-- Assignment --
Without changing a single word, set down all of the records.

-- Dataset entries --
####################

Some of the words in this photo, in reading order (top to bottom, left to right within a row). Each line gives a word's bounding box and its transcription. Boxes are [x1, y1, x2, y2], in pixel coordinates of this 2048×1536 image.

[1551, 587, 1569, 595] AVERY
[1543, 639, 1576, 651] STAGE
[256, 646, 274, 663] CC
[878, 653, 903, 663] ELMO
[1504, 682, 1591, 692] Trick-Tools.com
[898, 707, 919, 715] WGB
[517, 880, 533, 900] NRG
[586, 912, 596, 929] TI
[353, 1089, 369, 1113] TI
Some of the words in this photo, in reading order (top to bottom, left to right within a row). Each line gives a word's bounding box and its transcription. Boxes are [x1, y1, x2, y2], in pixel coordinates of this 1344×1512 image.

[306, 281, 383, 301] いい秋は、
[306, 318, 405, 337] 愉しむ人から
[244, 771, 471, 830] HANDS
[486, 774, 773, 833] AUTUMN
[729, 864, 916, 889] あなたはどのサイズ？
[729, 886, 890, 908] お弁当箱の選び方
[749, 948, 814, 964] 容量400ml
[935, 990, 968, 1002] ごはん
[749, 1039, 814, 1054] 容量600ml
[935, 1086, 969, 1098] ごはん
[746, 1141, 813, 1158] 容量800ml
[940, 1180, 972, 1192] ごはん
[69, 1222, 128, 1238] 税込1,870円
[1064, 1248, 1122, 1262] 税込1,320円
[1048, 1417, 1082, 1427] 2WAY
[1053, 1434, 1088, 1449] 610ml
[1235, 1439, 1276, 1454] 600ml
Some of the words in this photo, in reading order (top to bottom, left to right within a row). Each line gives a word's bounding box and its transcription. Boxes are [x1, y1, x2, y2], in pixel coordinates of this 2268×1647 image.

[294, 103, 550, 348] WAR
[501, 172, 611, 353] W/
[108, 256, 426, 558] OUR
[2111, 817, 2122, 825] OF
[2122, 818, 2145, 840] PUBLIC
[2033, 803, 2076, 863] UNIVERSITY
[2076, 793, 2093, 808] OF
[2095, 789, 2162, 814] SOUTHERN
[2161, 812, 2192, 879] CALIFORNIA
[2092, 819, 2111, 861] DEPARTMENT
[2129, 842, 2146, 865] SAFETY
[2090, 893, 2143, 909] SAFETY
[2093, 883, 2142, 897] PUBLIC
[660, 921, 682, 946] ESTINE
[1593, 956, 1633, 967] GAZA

####################

-- Answer below --
Some of the words in this photo, in reading order (top to bottom, left to right within a row). Each line gives a word's bounding box and its transcription. Boxes are [x1, y1, x2, y2], in pixel coordinates of this 2048×1536 image.

[1551, 587, 1569, 595] AVERY
[1543, 639, 1576, 651] STAGE
[256, 646, 274, 663] CC
[878, 653, 903, 663] ELMO
[1504, 682, 1591, 692] Trick-Tools.com
[898, 707, 919, 715] WGB
[517, 880, 533, 900] NRG
[586, 912, 596, 929] TI
[353, 1089, 369, 1113] TI
Some of the words in this photo, in reading order (top to bottom, left to right within a row). Each line gives a word's bounding box and its transcription. Boxes are [x1, y1, x2, y2], in pixel coordinates of this 1344×1512 image.

[306, 281, 383, 301] いい秋は、
[306, 318, 405, 337] 愉しむ人から
[244, 771, 471, 830] HANDS
[486, 774, 773, 833] AUTUMN
[729, 864, 916, 889] あなたはどのサイズ？
[729, 886, 890, 908] お弁当箱の選び方
[749, 948, 814, 964] 容量400ml
[935, 990, 968, 1002] ごはん
[749, 1039, 814, 1054] 容量600ml
[935, 1086, 969, 1098] ごはん
[746, 1141, 813, 1158] 容量800ml
[940, 1180, 972, 1192] ごはん
[69, 1222, 128, 1238] 税込1,870円
[1064, 1248, 1122, 1262] 税込1,320円
[1048, 1417, 1082, 1427] 2WAY
[1053, 1434, 1088, 1449] 610ml
[1235, 1439, 1276, 1454] 600ml
Some of the words in this photo, in reading order (top to bottom, left to right within a row). Each line gives a word's bounding box and its transcription. Boxes are [x1, y1, x2, y2], in pixel coordinates of this 2268×1647 image.

[294, 103, 550, 348] WAR
[501, 172, 611, 353] W/
[108, 256, 426, 558] OUR
[2111, 817, 2122, 825] OF
[2122, 818, 2145, 840] PUBLIC
[2033, 803, 2076, 863] UNIVERSITY
[2076, 793, 2093, 808] OF
[2095, 789, 2162, 814] SOUTHERN
[2161, 812, 2192, 879] CALIFORNIA
[2092, 819, 2111, 861] DEPARTMENT
[2129, 842, 2146, 865] SAFETY
[2090, 893, 2143, 909] SAFETY
[2093, 883, 2142, 897] PUBLIC
[660, 921, 682, 946] ESTINE
[1593, 956, 1633, 967] GAZA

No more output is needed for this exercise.